What is the real issue ignored in all of this? Personal responsibility. The proper moral and psychological approach to romance is to choose what you want but to also recognize that your choices have consequences and you’re going to have to live with them. If everyone took this rational approach, there would certainly still be divorce. (Divorce sometimes happens because people make honest mistakes, or for perfectly valid reasons people grow apart over time.) However, I doubt that, in a culture where most approached this issue rationally, there would be a persistent 50 percent divorce rate.
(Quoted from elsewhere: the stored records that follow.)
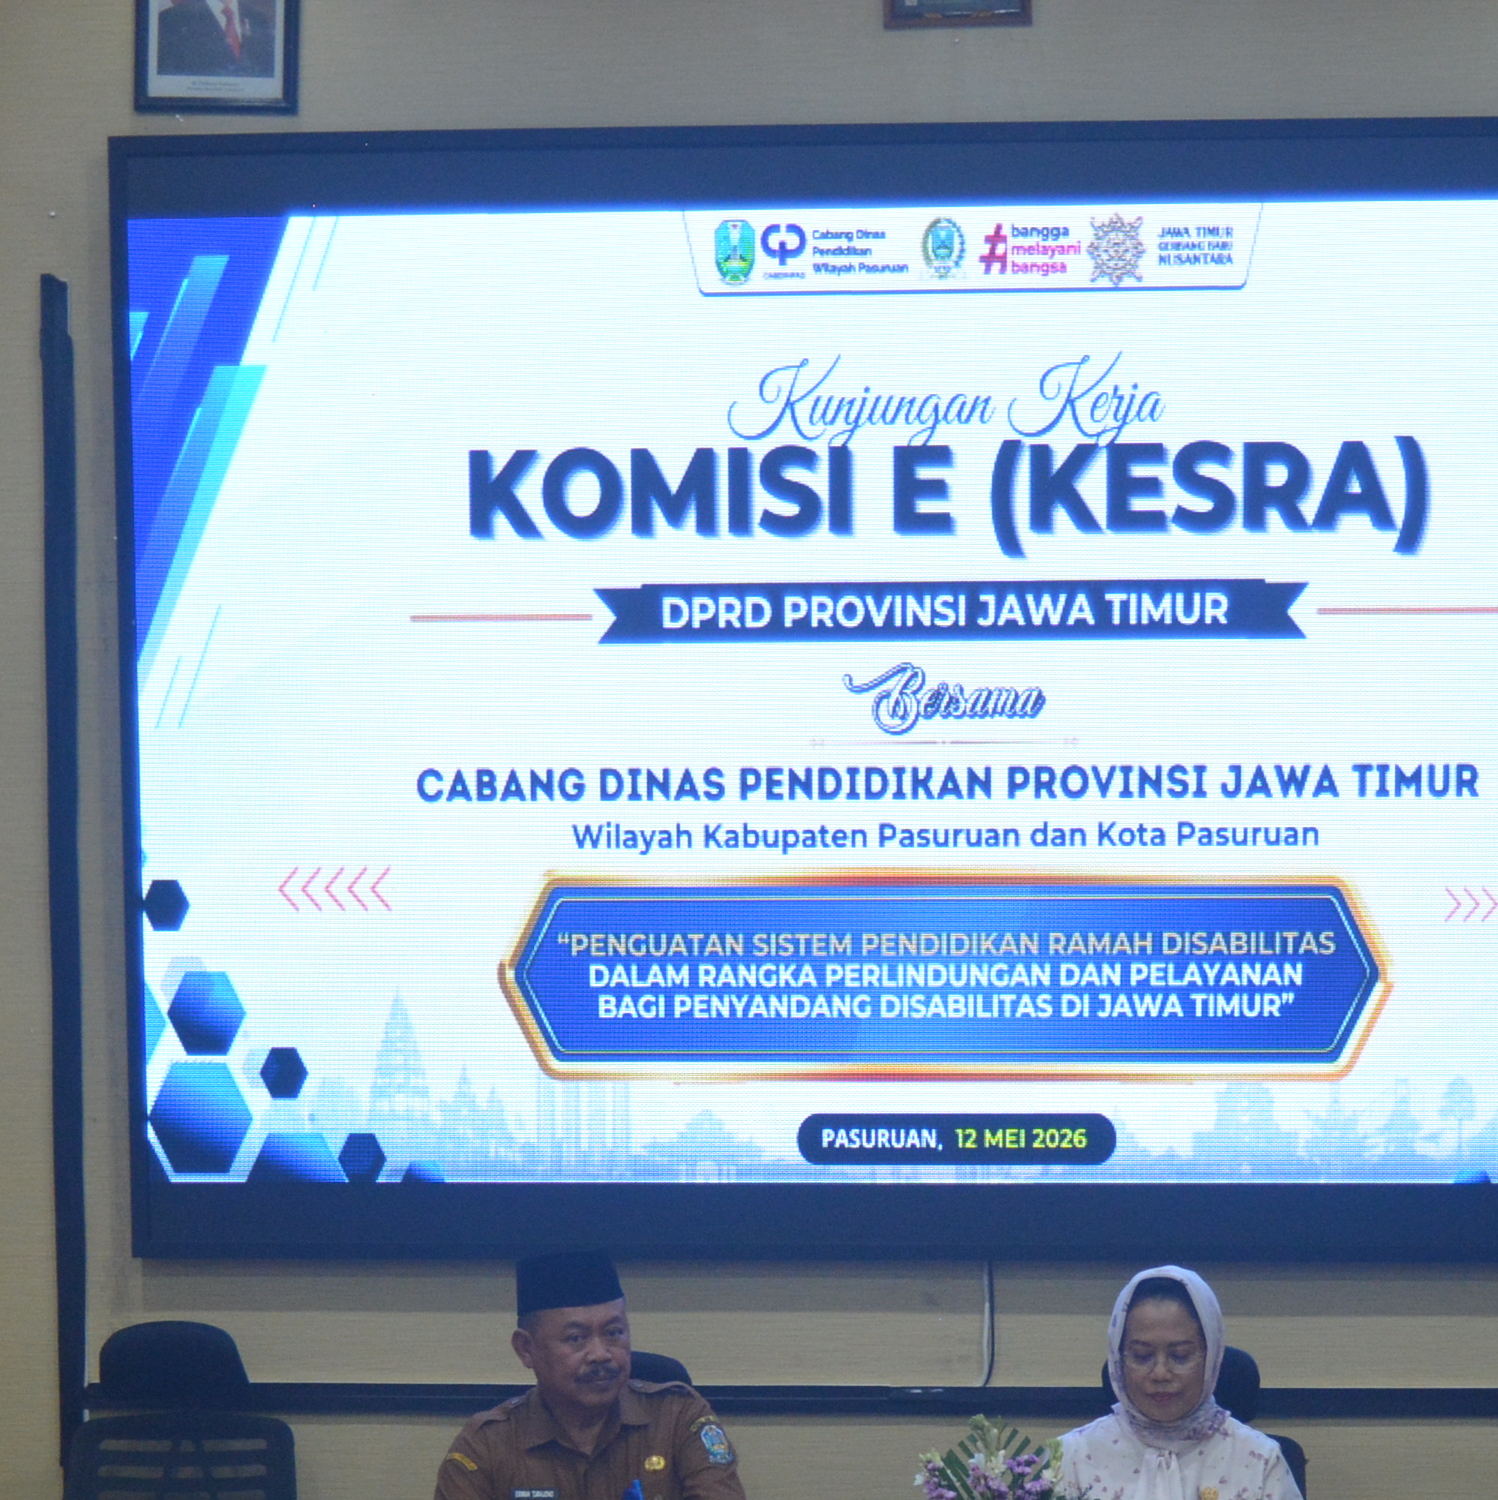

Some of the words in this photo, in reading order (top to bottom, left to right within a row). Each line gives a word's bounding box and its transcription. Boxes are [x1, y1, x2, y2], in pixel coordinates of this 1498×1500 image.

[812, 230, 854, 242] Cabang
[856, 230, 886, 240] Dinas
[1011, 224, 1070, 241] bangga
[812, 246, 872, 257] Pendidikan
[1011, 241, 1081, 259] melayani
[812, 263, 856, 276] Wilayah
[858, 263, 908, 274] Pasuruan
[1011, 261, 1067, 276] bangsa
[727, 355, 994, 444] Kunjungan
[1008, 351, 1165, 445] Kerja
[468, 446, 856, 539] KOMISI
[893, 444, 957, 538] E
[989, 434, 1430, 558] (KESRA)
[663, 597, 771, 629] DPRD
[784, 595, 966, 628] PROVINSI
[978, 594, 1094, 626] JAWA
[1105, 593, 1228, 625] TIMUR
[842, 663, 1046, 735] Bersama
[417, 768, 586, 803] CABANG
[600, 768, 725, 801] DINAS
[740, 767, 991, 801] PENDIDIKAN
[1008, 765, 1206, 799] PROVINSI
[1221, 765, 1338, 798] JAWA
[1353, 764, 1478, 798] TIMUR
[573, 823, 693, 856] Wilayah
[704, 824, 867, 855] Kabupaten
[879, 823, 1020, 848] Pasuruan
[1030, 822, 1087, 847] dan
[1098, 823, 1166, 847] Kota
[1177, 821, 1319, 847] Pasuruan
[558, 933, 744, 957] “PENGUATAN
[754, 933, 852, 957] SISTEM
[862, 933, 1038, 956] PENDIDIKAN
[1049, 932, 1152, 954] RAMAH
[1162, 931, 1335, 955] DISABILITAS
[590, 965, 689, 988] DALAM
[699, 964, 817, 988] RANGKA
[826, 963, 1050, 987] PERLINDUNGAN
[1060, 964, 1121, 987] DAN
[1130, 963, 1302, 986] PELAYANAN
[599, 993, 665, 1019] BAGI
[674, 993, 871, 1019] PENYANDANG
[881, 993, 1052, 1019] DISABILITAS
[1061, 993, 1089, 1018] DI
[1098, 994, 1182, 1018] JAWA
[1191, 993, 1294, 1017] TIMUR”
[822, 1129, 941, 1152] PASURUAN,
[956, 1128, 977, 1149] 12
[984, 1129, 1025, 1149] MEI
[1033, 1129, 1087, 1149] 2026
I’m certain that in a more rational culture you would not find 62 percent of the population reporting that they are, in all honesty, not happy in their marital relationships.

How is it that the majority of men and women fail to practice personal responsibility in their relationships? I am revolted by the large number of men I hear who say, in all frankness, that while they don’t want to be monogamous themselves, they fully want (even expect) that their wives will be exclusive with them. I am equally revolted by the frequency with which I encounter women who operate on the premise that if they can only manipulate their man into getting married and/or becoming a parent, then all will be well—and of course, when it isn’t, they come crying to me or whoever else they expect to fix the result of their own errors and contradictions.

It’s time for the great majority of men and women to grow up. I read once that there’s an old Spanish proverb that says: Take what you want—but pay for it. This applies not only to the grocery or music store, but to all of life. Think about what you want. Project the likely consequences of choosing what you want.

Make sure what you seek out is rational and fair, not self-defeating or unfair to somebody else with whom you engage. Forget these pompous and arbitrary absolutes about “the institution of marriage,” “the morality of monogamy” and all the rest.

All you need is self-honesty, integrity and objectivity. Your capacity to fully enjoy the fulfillment of sexual and romantic love will benefit greatly from the consistent practice of these virtues.